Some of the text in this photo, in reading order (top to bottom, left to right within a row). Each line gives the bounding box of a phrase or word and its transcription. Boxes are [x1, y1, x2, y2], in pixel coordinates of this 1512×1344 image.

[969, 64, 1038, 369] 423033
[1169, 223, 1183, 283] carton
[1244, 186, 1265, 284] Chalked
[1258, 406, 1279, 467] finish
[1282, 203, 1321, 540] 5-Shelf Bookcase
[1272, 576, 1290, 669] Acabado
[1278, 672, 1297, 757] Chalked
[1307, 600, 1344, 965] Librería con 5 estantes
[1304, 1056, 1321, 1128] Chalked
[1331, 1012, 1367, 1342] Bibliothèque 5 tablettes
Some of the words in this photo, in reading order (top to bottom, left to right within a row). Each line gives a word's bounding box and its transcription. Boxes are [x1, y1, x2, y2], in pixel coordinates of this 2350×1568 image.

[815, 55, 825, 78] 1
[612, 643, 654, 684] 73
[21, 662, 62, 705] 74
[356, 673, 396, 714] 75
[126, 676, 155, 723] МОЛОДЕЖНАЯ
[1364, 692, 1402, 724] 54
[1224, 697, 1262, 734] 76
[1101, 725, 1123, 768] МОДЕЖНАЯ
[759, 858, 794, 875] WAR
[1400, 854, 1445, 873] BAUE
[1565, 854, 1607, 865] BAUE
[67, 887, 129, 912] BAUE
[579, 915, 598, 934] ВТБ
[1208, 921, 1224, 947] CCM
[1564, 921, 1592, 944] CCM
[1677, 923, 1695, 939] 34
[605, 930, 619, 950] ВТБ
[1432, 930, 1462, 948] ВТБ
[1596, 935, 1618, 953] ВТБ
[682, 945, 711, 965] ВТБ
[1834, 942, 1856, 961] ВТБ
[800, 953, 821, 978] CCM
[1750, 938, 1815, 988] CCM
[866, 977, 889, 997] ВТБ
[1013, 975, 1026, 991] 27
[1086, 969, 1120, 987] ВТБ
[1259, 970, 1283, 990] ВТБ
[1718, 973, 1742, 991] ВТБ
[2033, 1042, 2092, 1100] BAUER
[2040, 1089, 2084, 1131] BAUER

What to produce
Exact retyping of every entry is required.

Result of the exercise
Some of the text in this photo, in reading order (top to bottom, left to right within a row). Each line gives the bounding box of a phrase or word and its transcription. Boxes are [x1, y1, x2, y2], in pixel coordinates of this 1512×1344 image.

[969, 64, 1038, 369] 423033
[1169, 223, 1183, 283] carton
[1244, 186, 1265, 284] Chalked
[1258, 406, 1279, 467] finish
[1282, 203, 1321, 540] 5-Shelf Bookcase
[1272, 576, 1290, 669] Acabado
[1278, 672, 1297, 757] Chalked
[1307, 600, 1344, 965] Librería con 5 estantes
[1304, 1056, 1321, 1128] Chalked
[1331, 1012, 1367, 1342] Bibliothèque 5 tablettes
Some of the words in this photo, in reading order (top to bottom, left to right within a row). Each line gives a word's bounding box and its transcription. Boxes are [x1, y1, x2, y2], in pixel coordinates of this 2350×1568 image.

[815, 55, 825, 78] 1
[612, 643, 654, 684] 73
[21, 662, 62, 705] 74
[356, 673, 396, 714] 75
[126, 676, 155, 723] МОЛОДЕЖНАЯ
[1364, 692, 1402, 724] 54
[1224, 697, 1262, 734] 76
[1101, 725, 1123, 768] МОДЕЖНАЯ
[759, 858, 794, 875] WAR
[1400, 854, 1445, 873] BAUE
[1565, 854, 1607, 865] BAUE
[67, 887, 129, 912] BAUE
[579, 915, 598, 934] ВТБ
[1208, 921, 1224, 947] CCM
[1564, 921, 1592, 944] CCM
[1677, 923, 1695, 939] 34
[605, 930, 619, 950] ВТБ
[1432, 930, 1462, 948] ВТБ
[1596, 935, 1618, 953] ВТБ
[682, 945, 711, 965] ВТБ
[1834, 942, 1856, 961] ВТБ
[800, 953, 821, 978] CCM
[1750, 938, 1815, 988] CCM
[866, 977, 889, 997] ВТБ
[1013, 975, 1026, 991] 27
[1086, 969, 1120, 987] ВТБ
[1259, 970, 1283, 990] ВТБ
[1718, 973, 1742, 991] ВТБ
[2033, 1042, 2092, 1100] BAUER
[2040, 1089, 2084, 1131] BAUER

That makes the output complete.